In this link I found an interesting document about the properties of the Dirac delta function.
Then I checked for three identities that puzzled me:
\begin{equation} \begin{array} f\delta(t)e^t=\delta(t) \\ \delta(t)\cos t=\delta(t) \\ \delta(t)\sin t=0 \end{array} \end{equation}
How can I prove this?
I tried using integration
\begin{equation} \int_{-\infty}^\infty\delta(t)e^tdt=\delta(t)e^t-\int_{-\infty}^\infty \delta(t)'e^tdt \end{equation}
\begin{equation} \int_{-\infty}^\infty \delta(t)'e^tdt=\delta(t)'e^t-\int_{-\infty}^\infty \delta(t)''e^tdt \end{equation}
But this seems to no avail.
Any suggestions?
Thanks
You have to perform all calculations in the sense of distributions, i.e., take a test function $\psi$ and "integrate" against it. $\delta(t) e^t = \delta(t)$ is not a pointwise equality. It's an equality between two distributions.
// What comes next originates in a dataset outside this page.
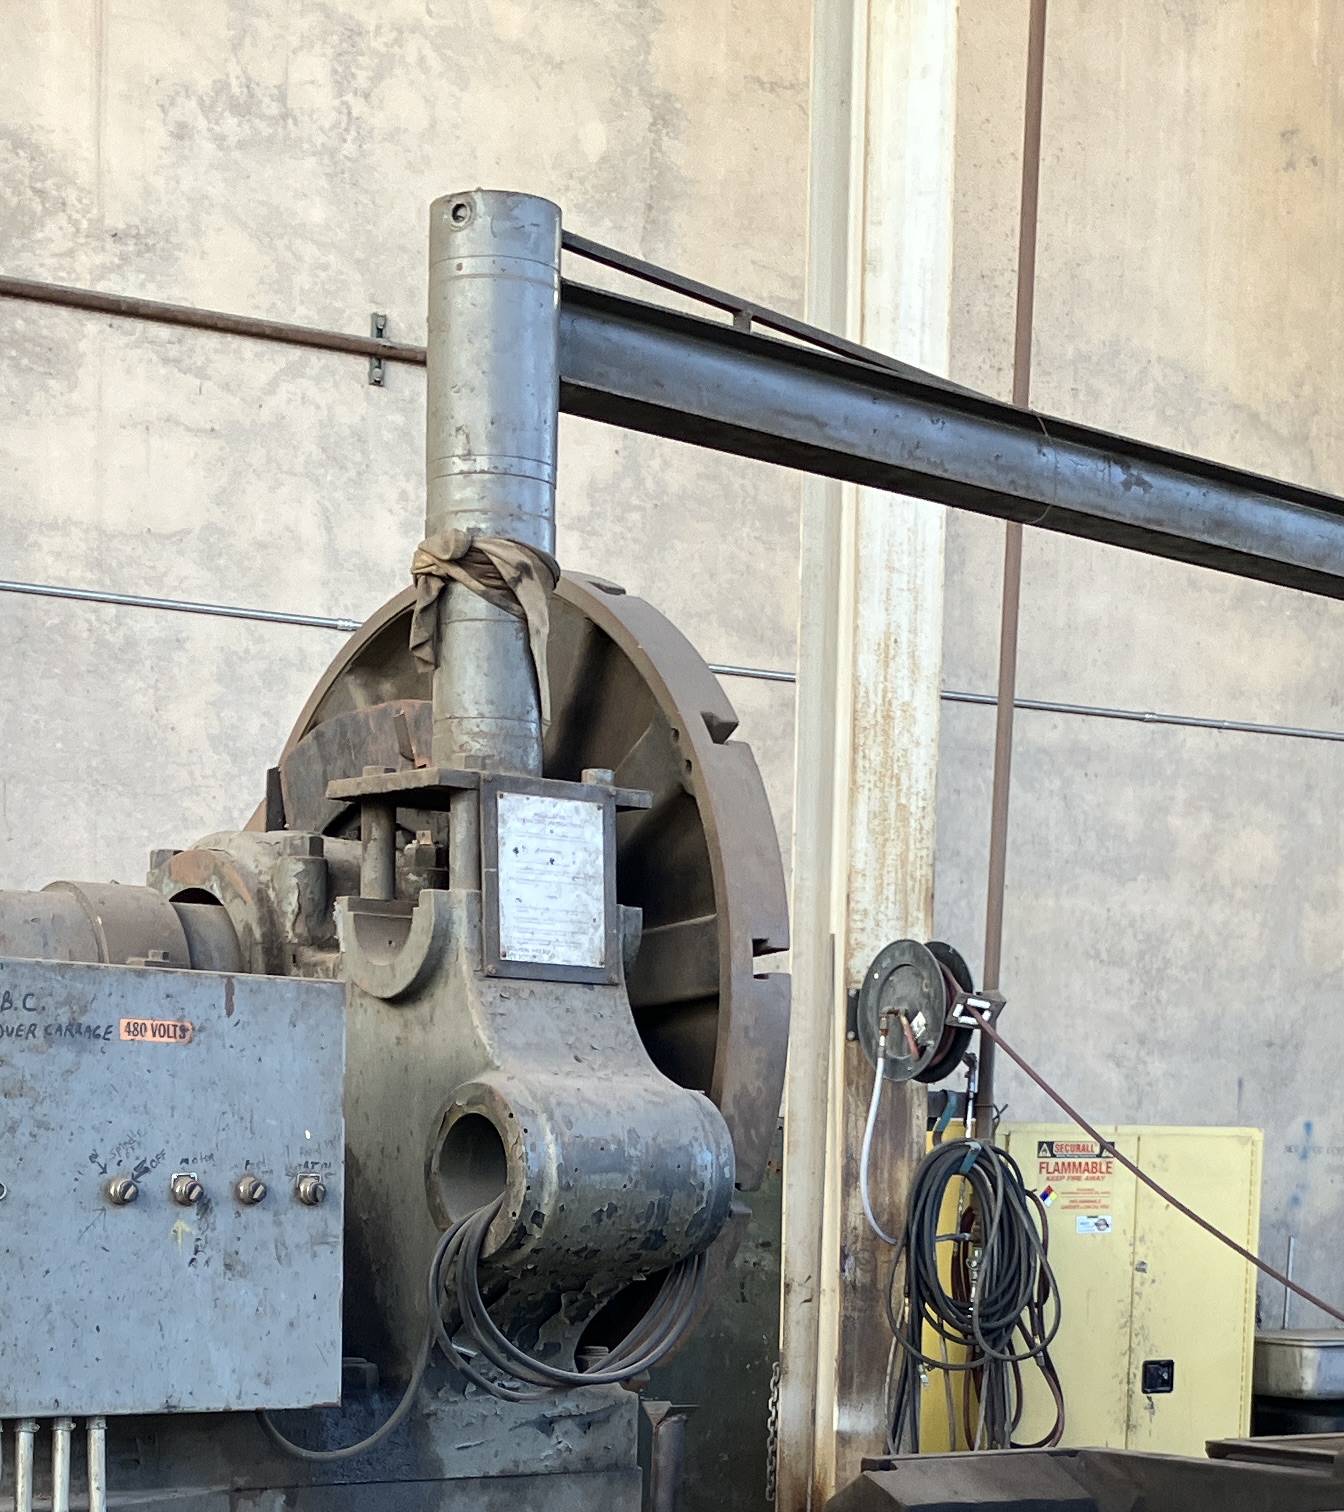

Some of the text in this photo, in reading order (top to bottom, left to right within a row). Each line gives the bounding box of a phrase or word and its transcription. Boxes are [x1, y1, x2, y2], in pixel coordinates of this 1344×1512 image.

[124, 1021, 188, 1039] 480 VOLTS
[1054, 1143, 1096, 1153] SECURALL
[1039, 1161, 1113, 1174] FLAMMABLE
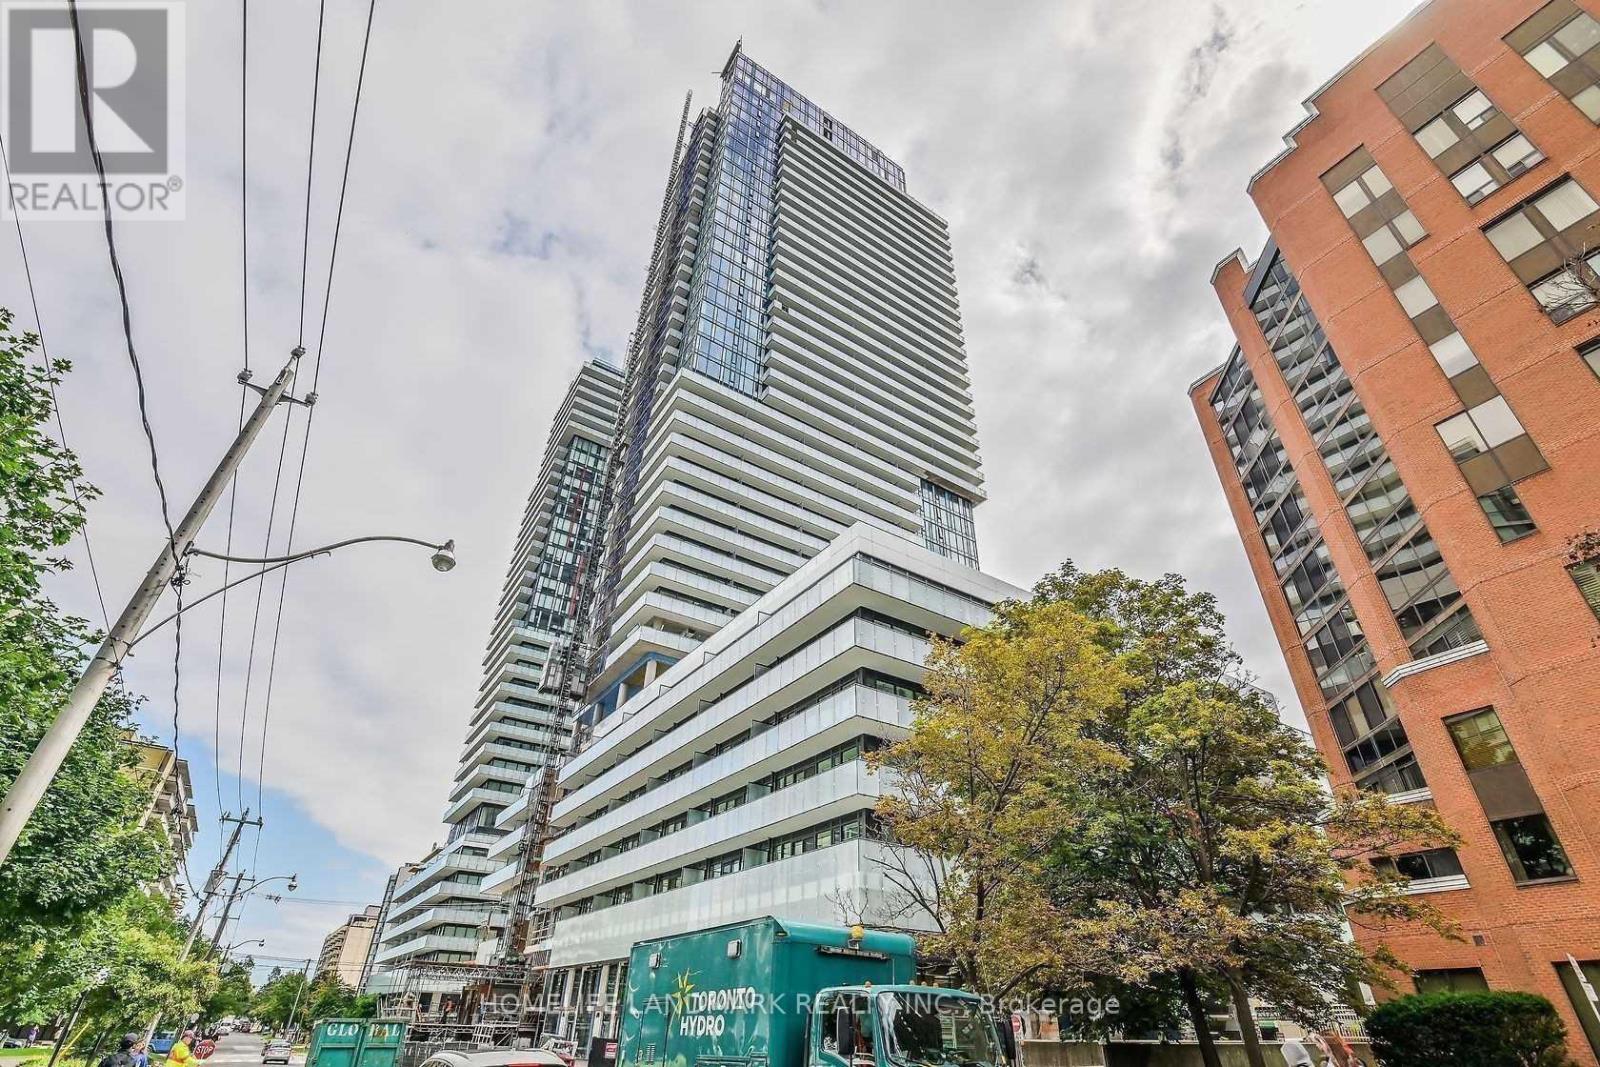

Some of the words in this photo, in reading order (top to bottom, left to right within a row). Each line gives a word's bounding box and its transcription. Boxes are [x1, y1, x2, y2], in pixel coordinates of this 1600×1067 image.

Two distributions $f, g$ are said to be equal if: $\int f(t) \psi(t)\ dt = \int g(t) \psi(t) \ dt $ for any test function $\psi$.
By definition: $\int \delta(t) \psi(t) \ dt = \psi(0)$. Thus: $$ \int \delta(t) e^t \psi(t) \ dt = e^0 \psi(0) = \psi(0) = \int \delta(t) \psi(t) \ dt $$ Thus, $\delta(t) e^t = \delta(t)$ in the sense of distributions. Same logic applies to the remaining identities.